Il voto di ieri alla Camera

Il presidente del Consiglio Conte ha incassato ieri la fiducia alla Camera con il sì di 321 deputati. I voti contrari sono stati invece 259, gli astenuti 27. Durante il suo discorso a Montecitorio, il premier ha chiuso la porta a Matteo Renzi e lanciato un appello ai parlamentari “volenterosi” per allargare la maggioranza e allontanare così la crisi di governo (qui il discorso di Conte).
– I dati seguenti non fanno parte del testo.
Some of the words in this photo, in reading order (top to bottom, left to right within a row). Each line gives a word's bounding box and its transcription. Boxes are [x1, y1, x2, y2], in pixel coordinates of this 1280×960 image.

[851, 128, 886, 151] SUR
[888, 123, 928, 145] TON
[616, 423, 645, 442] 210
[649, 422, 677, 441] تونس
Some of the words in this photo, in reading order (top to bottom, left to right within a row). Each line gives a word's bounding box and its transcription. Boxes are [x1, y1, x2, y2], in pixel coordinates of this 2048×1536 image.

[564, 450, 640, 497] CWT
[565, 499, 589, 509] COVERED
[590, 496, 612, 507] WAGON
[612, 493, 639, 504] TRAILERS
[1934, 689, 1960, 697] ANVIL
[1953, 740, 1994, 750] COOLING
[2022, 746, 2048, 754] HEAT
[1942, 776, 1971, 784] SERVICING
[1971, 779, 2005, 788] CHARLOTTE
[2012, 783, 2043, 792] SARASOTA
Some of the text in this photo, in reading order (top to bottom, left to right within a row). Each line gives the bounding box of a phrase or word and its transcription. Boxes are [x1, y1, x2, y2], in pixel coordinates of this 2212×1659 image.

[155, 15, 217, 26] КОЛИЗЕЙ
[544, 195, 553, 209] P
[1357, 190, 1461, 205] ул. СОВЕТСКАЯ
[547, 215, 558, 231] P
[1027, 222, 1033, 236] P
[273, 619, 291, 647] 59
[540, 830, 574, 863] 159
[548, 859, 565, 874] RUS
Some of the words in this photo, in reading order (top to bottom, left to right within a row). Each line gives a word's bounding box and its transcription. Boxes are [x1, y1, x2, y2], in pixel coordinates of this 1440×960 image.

Renzi ancora contro Conte: “Dimostra di essere attaccato alla poltrona”

Il leader di Italia Viva, Matteo Renzi, intervenuto alla trasmissione di Rete 4 Quarta repubblica per parlare della crisi di governo, ha dichiarato che se Conte decide di andare avanti anche senza ottenere la maggioranza assoluta al Senato “dimostra di essere attaccato alla poltrona”.

Per ottenere la maggioranza assoluta al Senato, infatti, il governo dovrebbe incassare almeno 161 voti: un traguardo assai lontano secondo i rumors che vorrebbero l’esecutivo fermo tra i 151 e 157 senatori.

“La politica è fatta di gesti e sfumature – ha dichiarato Renzi – Noi abbiamo scelto di dire no alla fiducia astenendoci, se non hai la fiducia non puoi non andare al Quirinale, se Conte con meno di 161 voti va avanti, dimostra di essere attaccato alla poltrona”.